Thomas Ferguson proposed an alternative that he calls the investment theory of party competition.[1] In this model, candidates for political office and political parties appeal not to voters, but to investors, who are the fundamental constituency. According to Ferguson, “parties are more accurately analyzed as blocs of major investors who coalesce to advance candidates representing their interests.” The policy platforms of political parties reflect the interests of major investors, and which minor investor-voters are virtually incapable of affecting, save in the negative sense of voting “no confidence”. As the cost of political campaigns have skyrocketed in the era of tele-democracy, the logic of money driven political systems has become more and more applicable. The investment theory expects that whole areas of policy will not be contested. This will occur as a matter of routine because major investors across parties may have virtually identical preferences on many policy issues. Since major investors will all hail from the upper classes and the bulk of the voters from the popular masses, the theory expects a sharp bias in public policy towards the rich wherever class interests are at stake. Once the central implications of this theory are digested a revised approach to party systems and critical realignments immediately becomes available. Several of these can be distinguished historically.

The first of these is the Jacksonian system of 1812 in the Era of Good Feeling. This system of the early Republic was dominated by southern plantation interests. The railroad boom around mid-century undermined the dominance of the southern planters. The central axis of antebellum American rotated from a north-south to an east-west orientation as the transportation revolution annihilated distance and forged a true national economy.

The fortunes of northern industrialists, especially railroads, gained at the expense of the southern plantation owners.
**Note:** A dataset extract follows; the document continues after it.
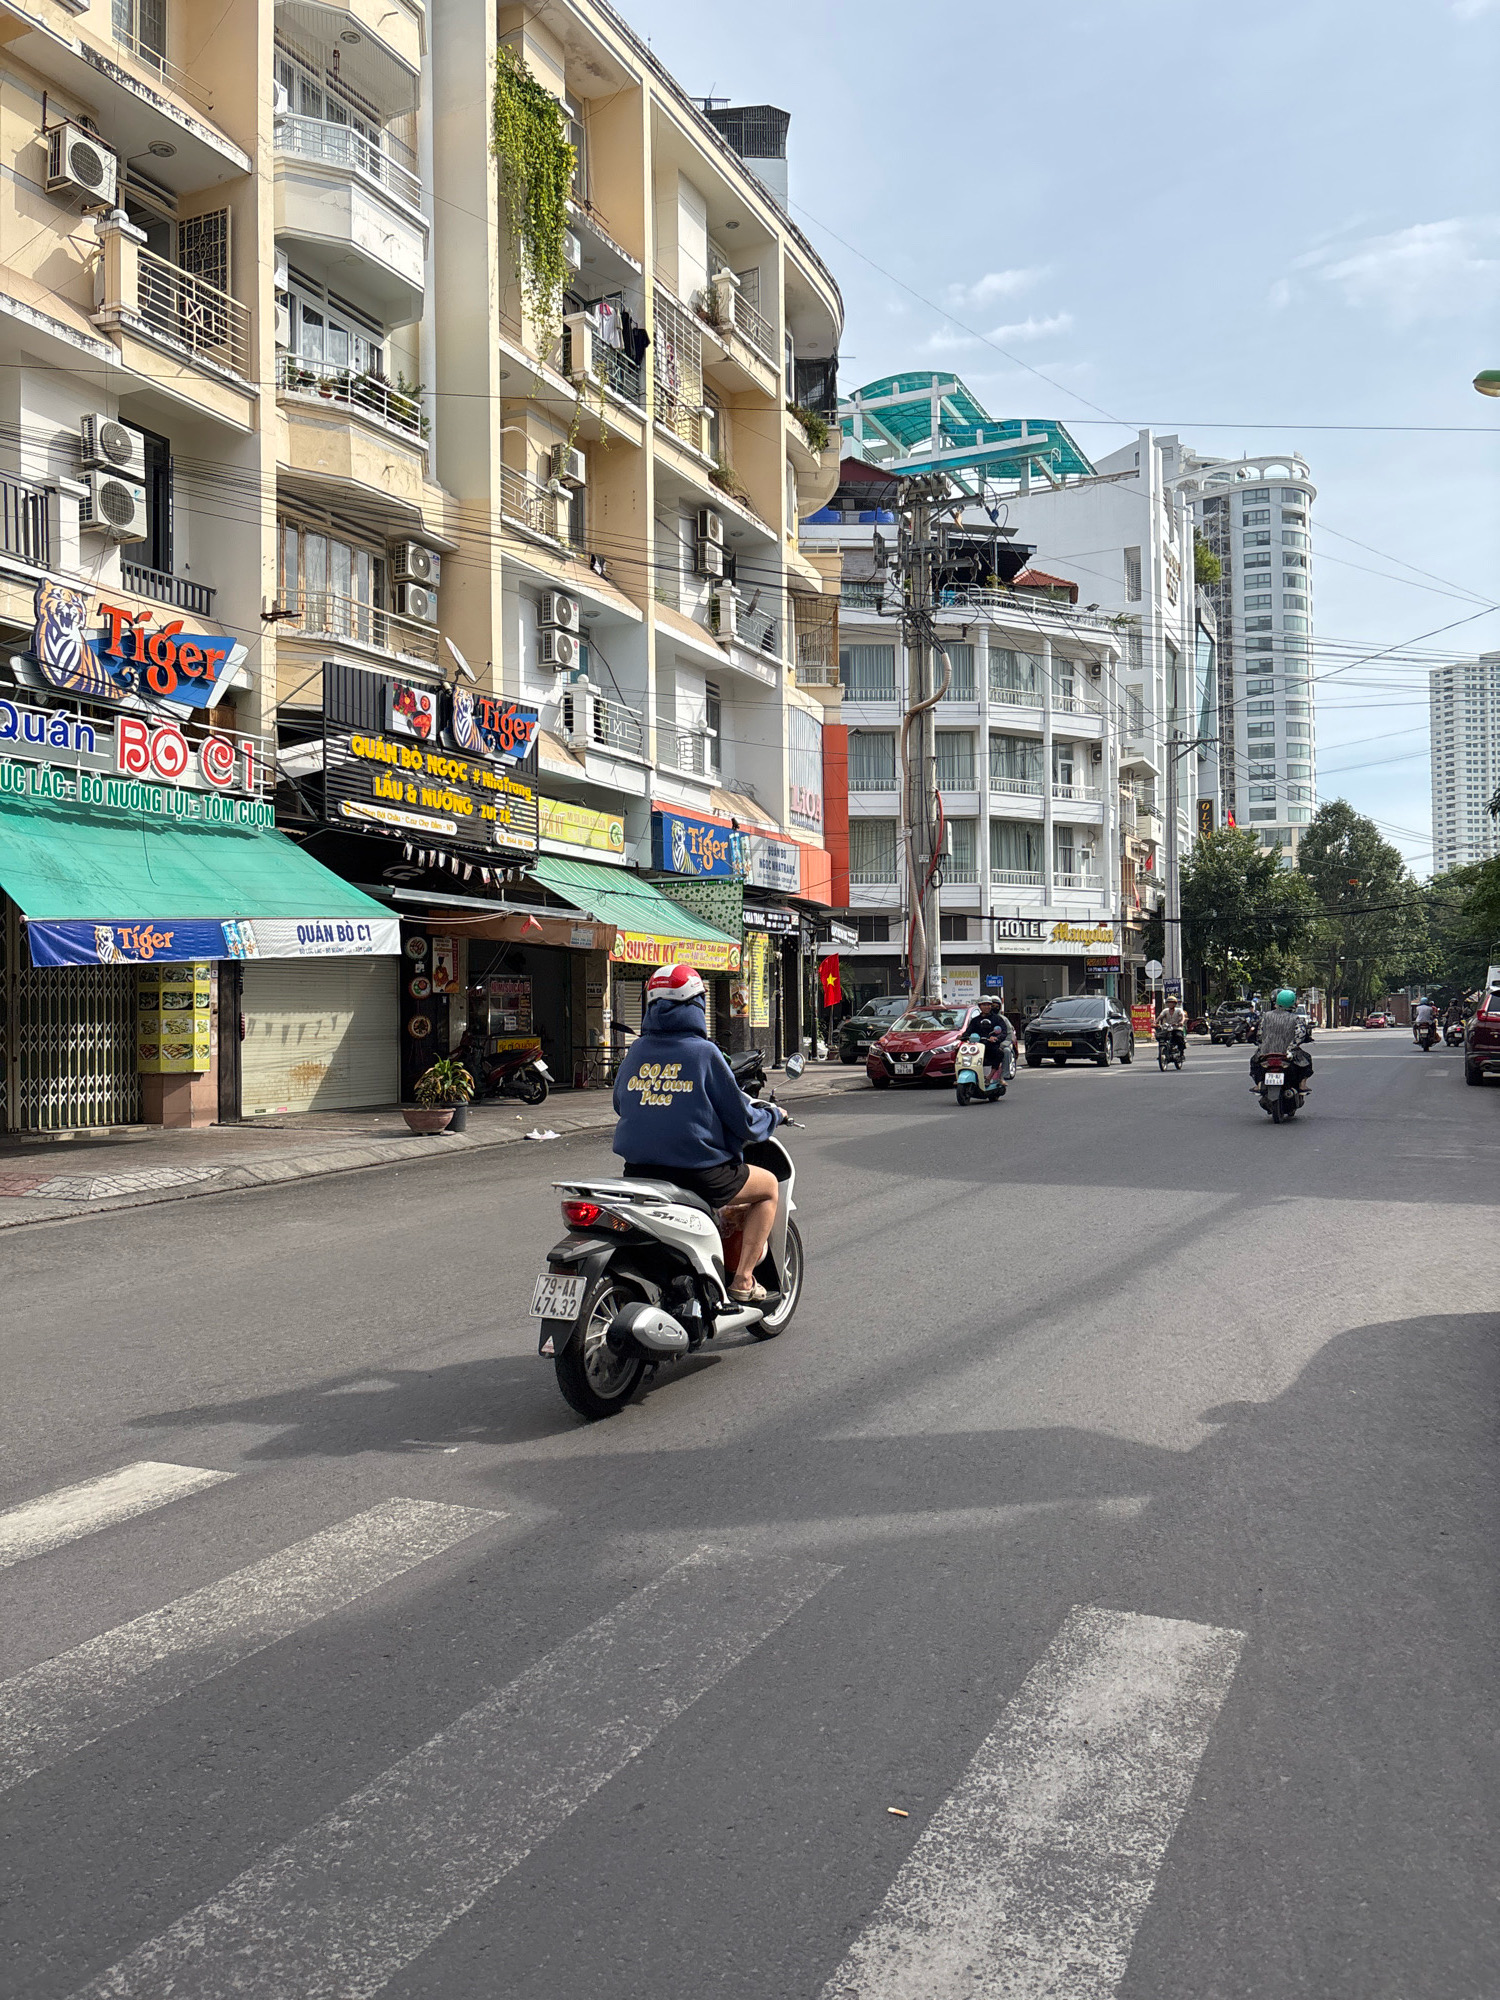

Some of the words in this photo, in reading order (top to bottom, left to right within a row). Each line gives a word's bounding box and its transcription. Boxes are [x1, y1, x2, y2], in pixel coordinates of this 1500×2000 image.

The Republican party was founded in 1854, and came to dominate the northern states by 1858. It was more or less a front for northern industrial, especially railroad, interests. The opposition of southern planters led them to secede from the union once Lincoln was elected to the White House. The success of the North in preserving the union ensured the dominance of the Republican party, and in it that of the railroads. The railroads formed a hegemonic bloc of investors not only because of their financial strength, which was substantial. They were a new breed of political-economic actors, being the first of the large modern business corporations with resources and national reach that no other industry could even begin to match.

By 1890, the unrivaled dominance of the railroads was a thing of the past. More powerful industrial interests had emerged: oil, steel, and finance. The party system of 1860 began crumbling in the 1880s with the relative decline of the Republican party. In fact, as Governor of New York, Grover Cleveland took on the railroad baron Jay Gould, and in his campaign for the presidency attacked his opponents for being in the pockets of the railroads. As President, he ordered an investigation into the transfer of government lands to the railroads. The party alignments of the post-Civil War era had disappeared by 1890. A new configuration reflecting the balance of forces in industrial America became established in 1896 after a highly charged election. We will return to this crucial election shortly.

The system of 1896 was dominated by the Republican party. However, a new cast of investors had taken over. By this time finance, oil, and steel interests had become dominant. Around the same time there was a remarkable transformation in the foreign affairs of the United States. The US started building a blue-water navy, conquered Hawaii, the Philippines, and invaded a string of Central American countries. It went to war with Spain and finally imposed the Monroe Doctrine which had been more bravado than reality in the nineteenth century. It declared an “Open Door” policy in China, and balanced Japan in the Pacific. Quite suddenly, in 1898, the United States become a great power.

This was also a period of financial hegemony. New York financiers started investing more and more in American industry. The climax of this process was the merger wave of 1897-1901, which placed bankers on the boards of hundreds of corporations. This gathering of the reins of the economy in New York was symbolized by the biggest merger of them all, United States Steel: Andrew Carnegie, the industrialist, had sold out to J.P. Morgan, the investment banker. At the same time, the former hegemonic bloc, the now bankrupt railroads, was gobbled up by finance. With this unprecedented unity of interests, policy making became easier, as in 1909, when Morgan fine-tuned the tariff bill by telegraph from his yacht.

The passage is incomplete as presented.